Examples: cancer, irreversible organ failures of heart, liver, kidney.
- Category 2
Conditions where premature death is inevitable
There may be long periods of intensive treatment aimed at prolonging life and allowing participation in normal activities.
Examples: cystic fibrosis, duchenne muscular dystrophy.
- Category 3
Progressive conditions without curative treatment options
Treatment is exclusively palliative and may commonly extend over many years.
Examples: batten disease, mucopolysaccharidoses.
- Category 4
Irreversible but non-progressive conditions causing severe disability, leading to susceptibility to health complications and likelihood of premature death
Examples: severe cerebral palsy, multiple disabilities, such as following brain or spinal cord injury, complex health care needs, high risk of an unpredictable life-threatening event of episode.
Introduction to the care pathway approach
Every child requiring palliative care will have very different needs and circumstances. The Together for Short Lives pathway approach is designed to put children and families at the centre of the planning process, with the aim of developing integrated services in response to individual needs.

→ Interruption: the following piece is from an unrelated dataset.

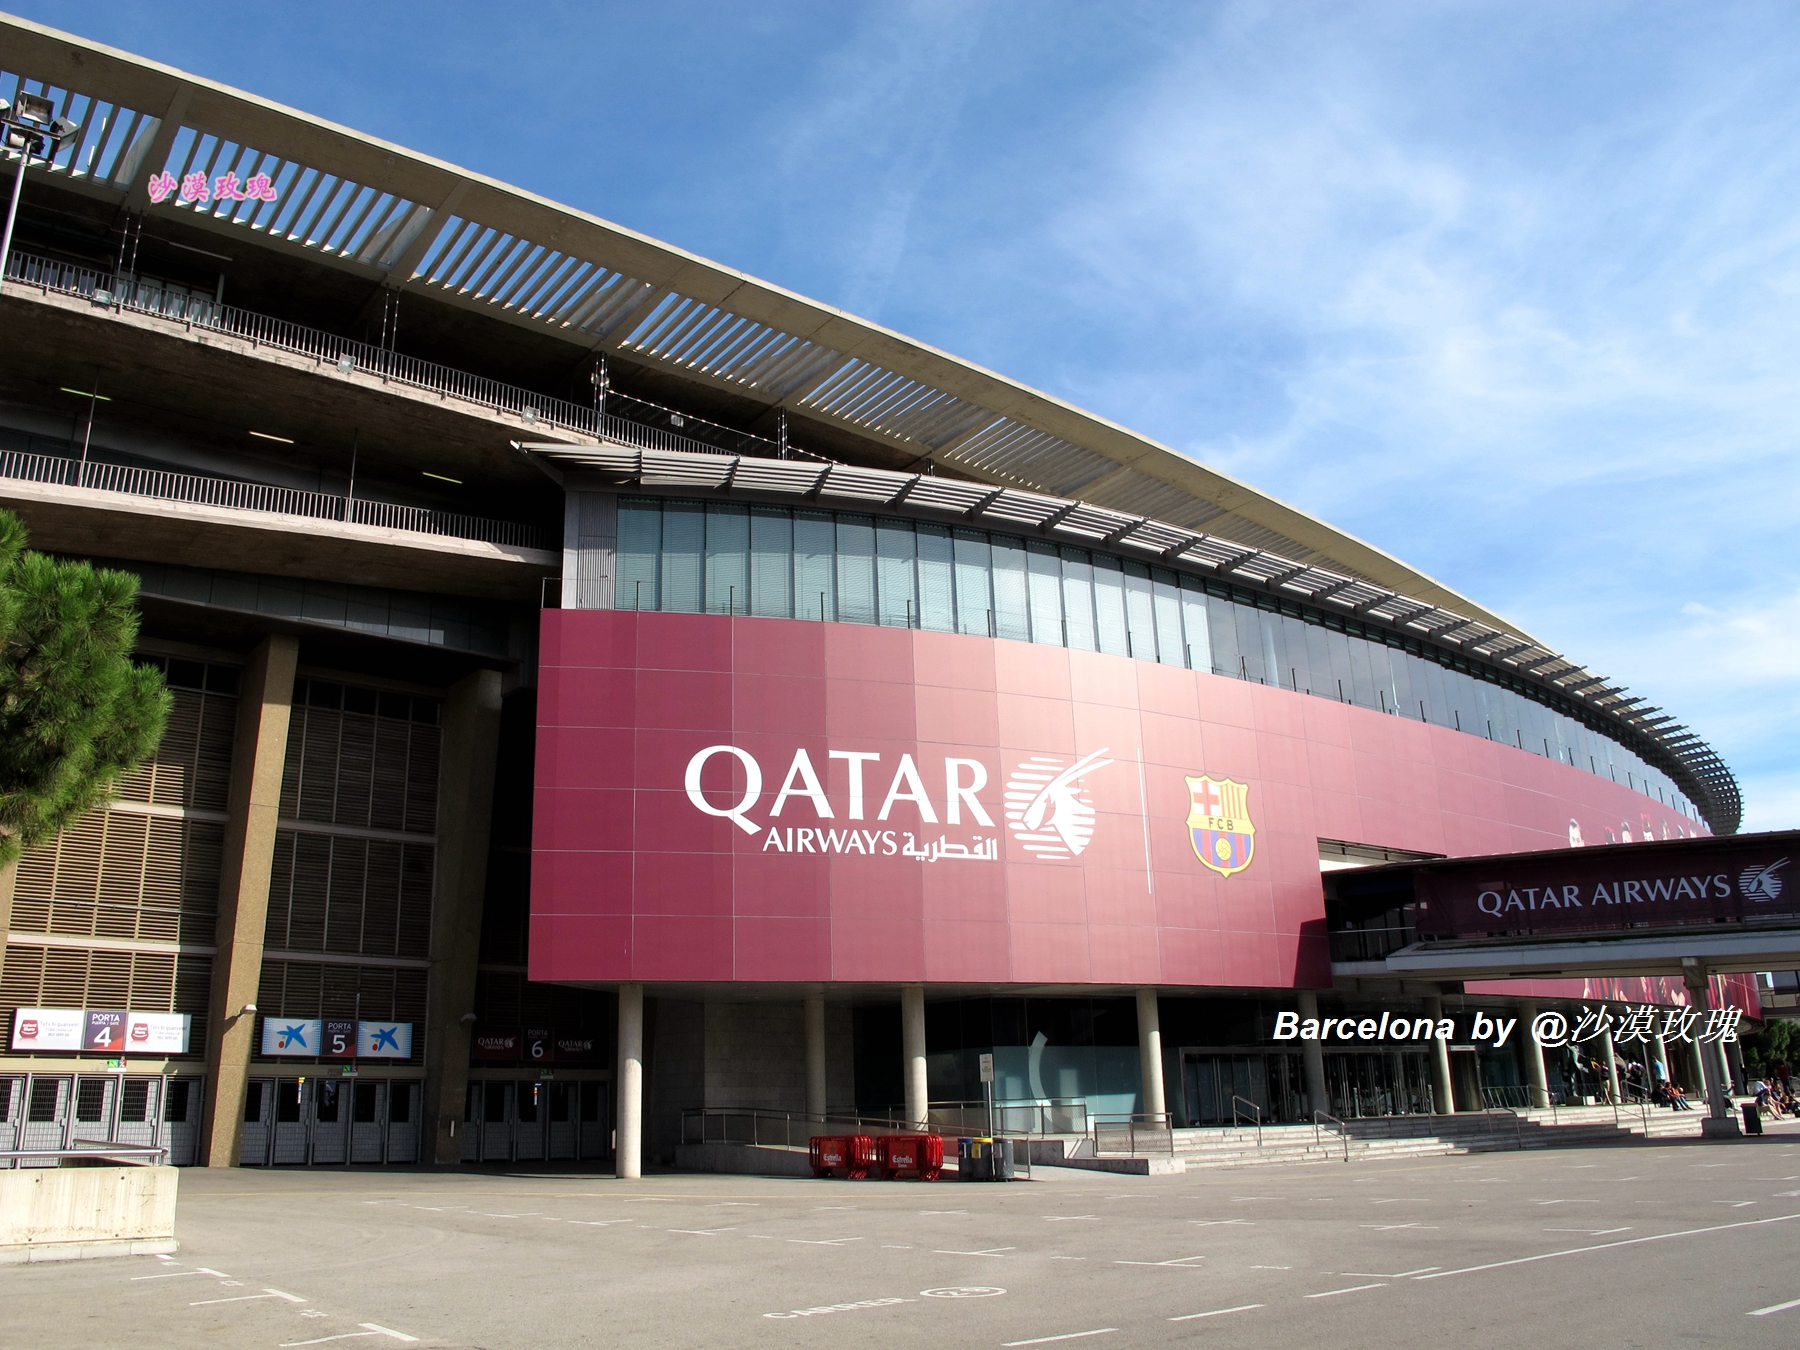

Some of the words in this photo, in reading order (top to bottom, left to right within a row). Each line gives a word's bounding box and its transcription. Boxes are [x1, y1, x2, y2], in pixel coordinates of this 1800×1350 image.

The core elements of children’s palliative care services provided along the care pathway are:
- A truly integrated children’s palliative care service
A system where all services work together in a co-ordinated way that enables both local accessibility for support and management of everyday problems, and access to specialist services for the care of more complex symptoms.
- Universal services
Children and young people with palliative care needs are likely to be known to universal services such as GPs and health visitors. These services should ensure that support is accessible and work effectively together. Early recognition of need by GPs and multi-agency assessments can ensure earlier referrals to specialist services
- Targeted services
Appropriate, targeted support should be offered at an early stage and made accessible to families when they need it, to reduce future stresses and strains. Such support should include: emotional and psychological support; key workers; short breaks; practical support; provision of specialist equipment and transport.
- Specialist support
Children and young people with life-limiting conditions often require specialist support for their medical and nursing care. They may also need specialist social and practical support. Dieticians, occupational therapy, specialist play and physiotherapy are all an integral part of paediatric palliative care. Professionals from psychological and emotional support services may also play a role in supporting families. This support should be available from diagnosis through to the child’s death and beyond.